Masters Snooker 2019: Judd Trump beats Mark Selby to reach semi-finals
Trump knocks out world number one Selby – best shots

Judd Trump knocked world number one Mark Selby out of the Masters at the quarter-final stage with a 6-2 victory.

The match started slowly – with tactical battles meaning the opening two frames took more than an hour – but Trump found his groove to go 5-1 ahead.

Selby rallied briefly with a 110 clearance, but Trump kept his cool to ease through to Saturday’s semi-final.

There he will face 2012 champion Neil Robertson, who came from behind to beat Barry Hawkins 6-3.

Englishman Hawkins made the perfect start with breaks of 62 and 72 to go 2-0 up, but Australia’s Robertson responded superbly by claiming five in a row, before taking the one he needed to advance.

Friday’s early match was one of contrasting styles between a gritty and mechanical Selby and the more free-flowing Trump.

The opening two frames were long, drawn-out battles – lasting 43 and 26 minutes – which would ordinarily play into Selby’s hands, but Trump kept him in check with excellent safety to pinch both.

Selby pegged him back to 2-1, but Trump took control of the contest with breaks of 81, 101, and 60 and claimed victory in a prolonged 40-minute frame.

Robertson beats Hawkins to reach semi-final – best shots

‘It’s no good just getting to the semi-final’

Trump was happy with his disciplined performance, telling BBC Sport: “In the past maybe I would have messed up.

“You just have to stay patient against him and you can’t go for anything stupid, just wait your chance. I think my safety has improved and I was able to compete against him.

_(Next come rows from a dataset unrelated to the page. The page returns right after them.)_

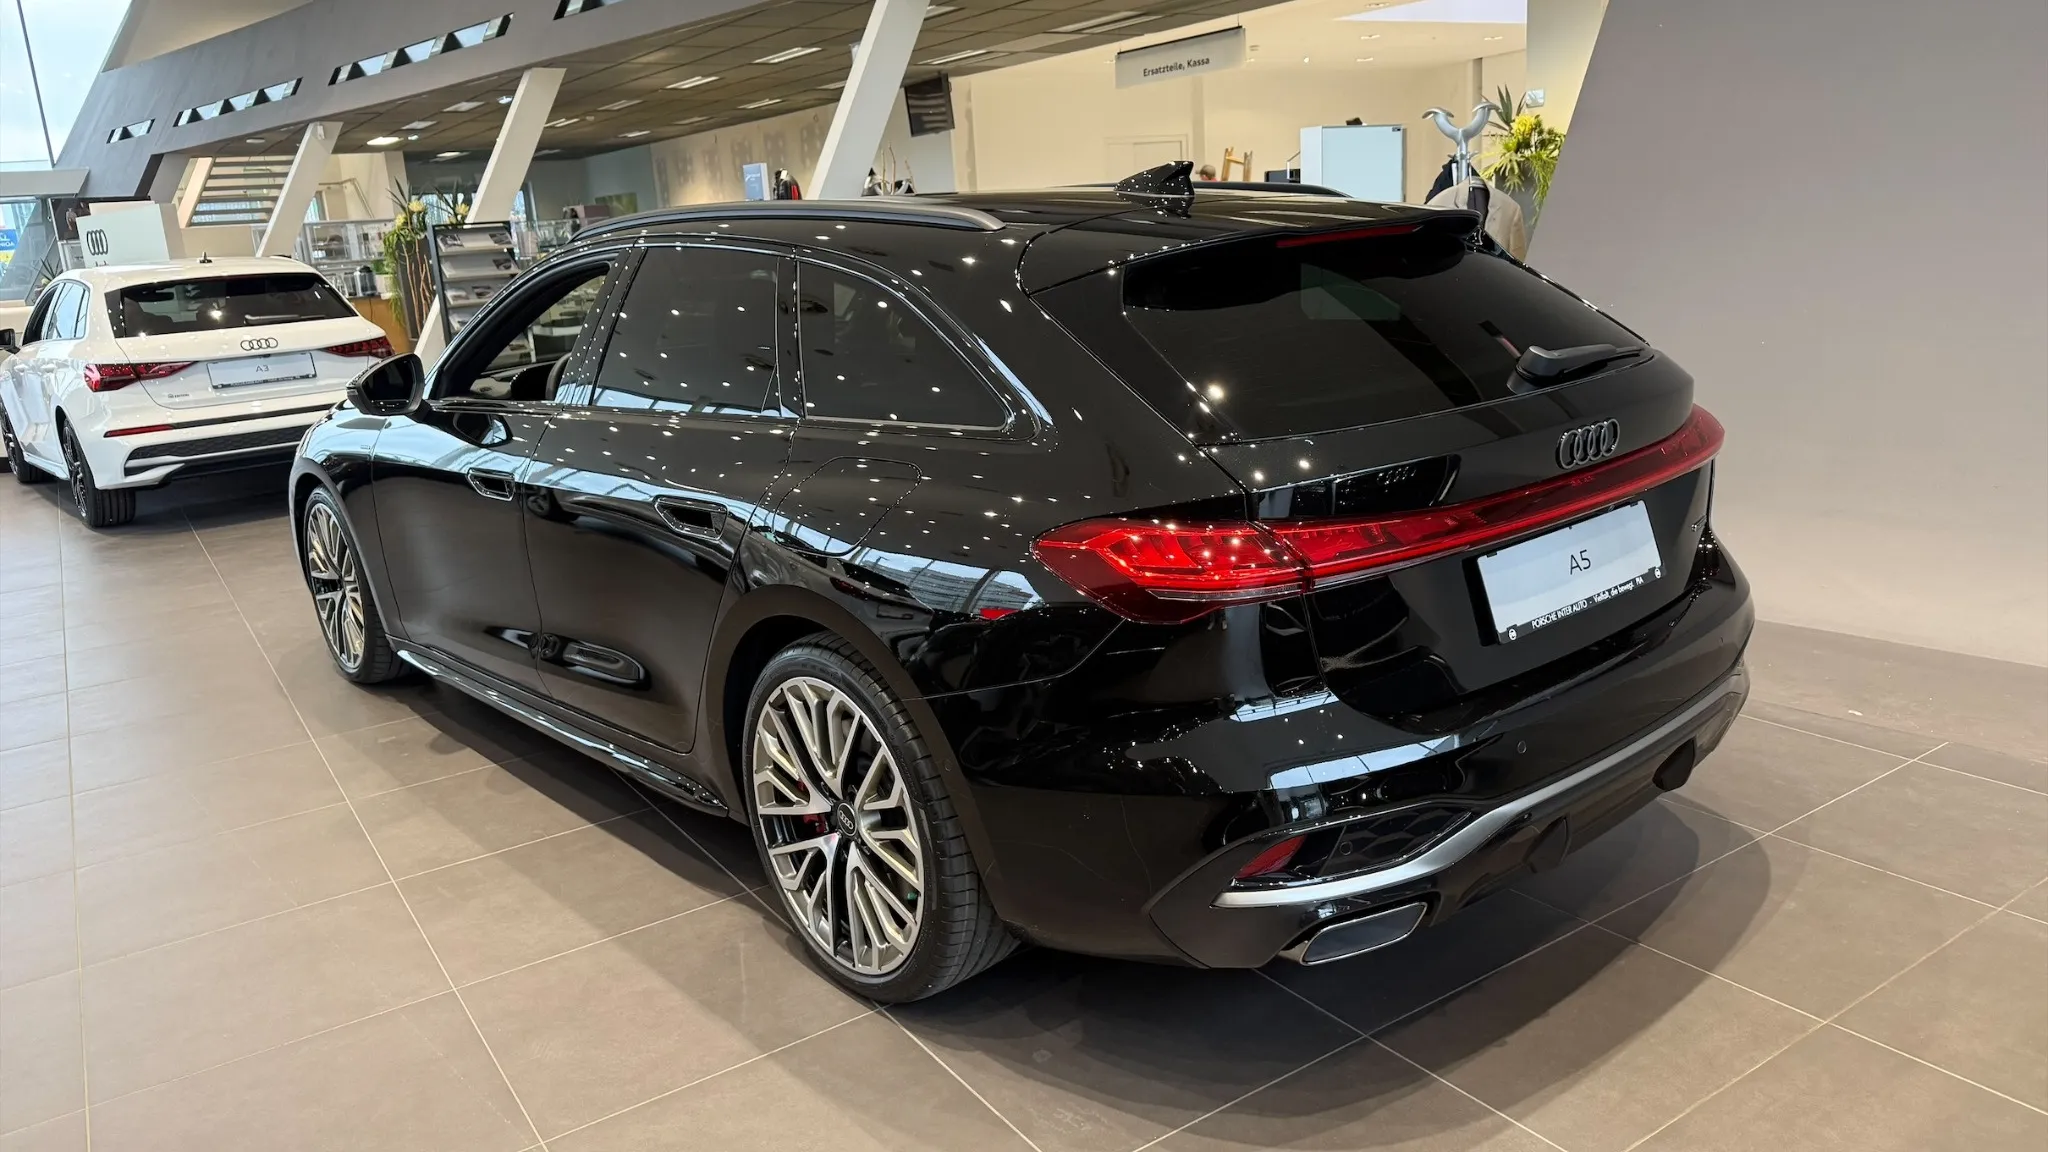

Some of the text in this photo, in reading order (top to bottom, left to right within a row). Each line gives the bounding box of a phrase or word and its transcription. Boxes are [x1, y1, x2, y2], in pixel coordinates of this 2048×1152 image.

[1143, 57, 1210, 77] Ersatzteile, Kassa
[256, 364, 270, 373] A3
[1570, 549, 1591, 575] A5
[1531, 611, 1557, 629] PORSCHE
[1556, 605, 1573, 619] INTER
[1572, 599, 1588, 613] AUTO

“When a frame is going on for 40 minutes, it is demoralising to lose it. Even if it had gone 5-3 at the end it would have been tough to get over the line after that.

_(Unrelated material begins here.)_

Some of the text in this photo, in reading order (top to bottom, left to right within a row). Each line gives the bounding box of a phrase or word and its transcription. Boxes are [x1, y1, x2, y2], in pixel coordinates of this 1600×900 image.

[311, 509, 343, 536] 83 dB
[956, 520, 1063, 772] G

“You know he can come back from any scoreline. I’ve got the experience of losing a lead before so that stood me in good stead.”

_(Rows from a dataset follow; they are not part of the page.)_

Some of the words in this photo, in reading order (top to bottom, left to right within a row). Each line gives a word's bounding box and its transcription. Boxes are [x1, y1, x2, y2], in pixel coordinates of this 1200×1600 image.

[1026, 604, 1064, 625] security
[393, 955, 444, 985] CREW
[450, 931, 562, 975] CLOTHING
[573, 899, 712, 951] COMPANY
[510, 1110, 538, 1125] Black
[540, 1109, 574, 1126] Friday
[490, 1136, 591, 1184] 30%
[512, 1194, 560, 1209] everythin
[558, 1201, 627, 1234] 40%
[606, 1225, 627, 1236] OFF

Trump has never gone beyond the semi-finals at the Masters, and last year let slip a 5-2 lead against Kyren Wilson.

“It’s such a big tournament and my record is not great here,” he said. I’ve thrown away a few big leads, especially last year.

“You’ve got to learn from that. It’s no good just getting to the semi-final, you’ve got to get to the final and win it.”

Selby acknowledged Trump’s more balanced game had been an important factor in the match, saying: “Judd’s safety game has improved over the years and he has a good all-round game now.

“I felt good out there but it is frustrating because the balls did not fall for me. It got a bit laughable in the end.”